*** Block opens ***
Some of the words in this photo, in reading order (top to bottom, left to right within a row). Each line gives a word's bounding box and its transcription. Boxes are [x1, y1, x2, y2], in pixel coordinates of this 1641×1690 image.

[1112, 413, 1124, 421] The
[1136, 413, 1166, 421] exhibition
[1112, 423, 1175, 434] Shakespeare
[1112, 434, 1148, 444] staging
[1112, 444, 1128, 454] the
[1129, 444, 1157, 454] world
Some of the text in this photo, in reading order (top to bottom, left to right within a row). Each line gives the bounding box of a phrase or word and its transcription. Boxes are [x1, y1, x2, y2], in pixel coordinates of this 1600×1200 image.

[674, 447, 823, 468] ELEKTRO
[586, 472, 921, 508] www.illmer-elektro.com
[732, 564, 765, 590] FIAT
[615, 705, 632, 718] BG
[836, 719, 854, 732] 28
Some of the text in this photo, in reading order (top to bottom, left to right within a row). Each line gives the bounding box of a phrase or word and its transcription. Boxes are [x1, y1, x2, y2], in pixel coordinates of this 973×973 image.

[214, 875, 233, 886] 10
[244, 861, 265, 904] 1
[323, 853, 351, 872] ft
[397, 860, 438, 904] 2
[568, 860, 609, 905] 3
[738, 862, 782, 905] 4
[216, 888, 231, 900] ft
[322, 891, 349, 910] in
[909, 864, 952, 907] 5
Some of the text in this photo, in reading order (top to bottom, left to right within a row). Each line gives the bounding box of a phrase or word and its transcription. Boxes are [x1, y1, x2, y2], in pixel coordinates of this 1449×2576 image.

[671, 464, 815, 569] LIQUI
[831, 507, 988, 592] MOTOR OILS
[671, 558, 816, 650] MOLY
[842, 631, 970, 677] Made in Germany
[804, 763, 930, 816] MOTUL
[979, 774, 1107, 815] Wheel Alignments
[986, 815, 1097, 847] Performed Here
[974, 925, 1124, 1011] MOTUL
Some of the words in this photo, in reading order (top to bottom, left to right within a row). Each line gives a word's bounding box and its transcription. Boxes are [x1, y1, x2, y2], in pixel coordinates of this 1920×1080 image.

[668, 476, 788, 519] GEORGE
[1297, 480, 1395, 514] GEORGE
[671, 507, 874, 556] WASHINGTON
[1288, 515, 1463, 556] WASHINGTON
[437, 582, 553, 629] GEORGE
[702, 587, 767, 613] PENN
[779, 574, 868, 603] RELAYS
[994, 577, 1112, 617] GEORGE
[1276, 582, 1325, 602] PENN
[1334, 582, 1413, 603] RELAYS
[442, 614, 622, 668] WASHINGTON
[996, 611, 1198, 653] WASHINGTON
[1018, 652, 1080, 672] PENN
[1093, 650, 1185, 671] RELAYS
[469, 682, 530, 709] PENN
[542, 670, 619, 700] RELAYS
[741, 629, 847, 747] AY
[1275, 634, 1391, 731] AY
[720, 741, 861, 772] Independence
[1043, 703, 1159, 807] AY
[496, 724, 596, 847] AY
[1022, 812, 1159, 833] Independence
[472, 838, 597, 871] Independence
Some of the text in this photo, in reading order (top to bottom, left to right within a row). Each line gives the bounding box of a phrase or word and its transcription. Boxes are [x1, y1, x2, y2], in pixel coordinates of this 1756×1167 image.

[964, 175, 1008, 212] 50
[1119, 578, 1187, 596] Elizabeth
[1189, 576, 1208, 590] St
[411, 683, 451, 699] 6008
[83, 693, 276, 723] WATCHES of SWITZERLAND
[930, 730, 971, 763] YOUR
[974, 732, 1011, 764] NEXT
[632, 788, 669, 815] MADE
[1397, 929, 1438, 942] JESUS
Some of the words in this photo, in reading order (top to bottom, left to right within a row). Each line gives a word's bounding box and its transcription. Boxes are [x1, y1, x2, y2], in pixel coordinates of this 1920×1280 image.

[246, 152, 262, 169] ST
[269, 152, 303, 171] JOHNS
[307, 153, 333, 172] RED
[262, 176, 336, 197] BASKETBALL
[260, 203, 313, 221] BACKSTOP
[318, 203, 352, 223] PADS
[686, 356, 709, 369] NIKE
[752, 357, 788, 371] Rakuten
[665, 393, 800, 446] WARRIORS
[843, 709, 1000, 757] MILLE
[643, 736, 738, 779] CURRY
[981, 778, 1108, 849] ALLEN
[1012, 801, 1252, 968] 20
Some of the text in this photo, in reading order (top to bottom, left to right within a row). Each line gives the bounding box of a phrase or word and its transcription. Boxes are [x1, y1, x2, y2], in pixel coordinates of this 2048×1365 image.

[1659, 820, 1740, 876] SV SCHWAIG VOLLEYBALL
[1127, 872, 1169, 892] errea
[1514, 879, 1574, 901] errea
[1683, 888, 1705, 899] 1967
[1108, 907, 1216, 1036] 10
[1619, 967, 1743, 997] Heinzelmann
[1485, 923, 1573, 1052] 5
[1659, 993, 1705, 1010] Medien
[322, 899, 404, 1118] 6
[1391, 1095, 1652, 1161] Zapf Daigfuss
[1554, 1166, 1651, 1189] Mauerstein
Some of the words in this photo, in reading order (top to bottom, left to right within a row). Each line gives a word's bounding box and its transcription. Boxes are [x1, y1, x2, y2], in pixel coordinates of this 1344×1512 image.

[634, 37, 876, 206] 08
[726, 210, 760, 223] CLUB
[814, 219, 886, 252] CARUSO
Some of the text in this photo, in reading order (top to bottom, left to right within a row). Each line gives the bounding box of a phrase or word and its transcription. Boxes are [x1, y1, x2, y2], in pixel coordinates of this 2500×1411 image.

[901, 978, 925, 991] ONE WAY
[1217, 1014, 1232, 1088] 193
*** Block closes ***
* _Work task_: Only the lines from the one with "this 2048×1365 image." through the final line above belong in the answer, each reproduced word for word.

* _Reply to the exercise_:
Some of the text in this photo, in reading order (top to bottom, left to right within a row). Each line gives the bounding box of a phrase or word and its transcription. Boxes are [x1, y1, x2, y2], in pixel coordinates of this 2048×1365 image.

[1659, 820, 1740, 876] SV SCHWAIG VOLLEYBALL
[1127, 872, 1169, 892] errea
[1514, 879, 1574, 901] errea
[1683, 888, 1705, 899] 1967
[1108, 907, 1216, 1036] 10
[1619, 967, 1743, 997] Heinzelmann
[1485, 923, 1573, 1052] 5
[1659, 993, 1705, 1010] Medien
[322, 899, 404, 1118] 6
[1391, 1095, 1652, 1161] Zapf Daigfuss
[1554, 1166, 1651, 1189] Mauerstein
Some of the words in this photo, in reading order (top to bottom, left to right within a row). Each line gives a word's bounding box and its transcription. Boxes are [x1, y1, x2, y2], in pixel coordinates of this 1344×1512 image.

[634, 37, 876, 206] 08
[726, 210, 760, 223] CLUB
[814, 219, 886, 252] CARUSO
Some of the text in this photo, in reading order (top to bottom, left to right within a row). Each line gives the bounding box of a phrase or word and its transcription. Boxes are [x1, y1, x2, y2], in pixel coordinates of this 2500×1411 image.

[901, 978, 925, 991] ONE WAY
[1217, 1014, 1232, 1088] 193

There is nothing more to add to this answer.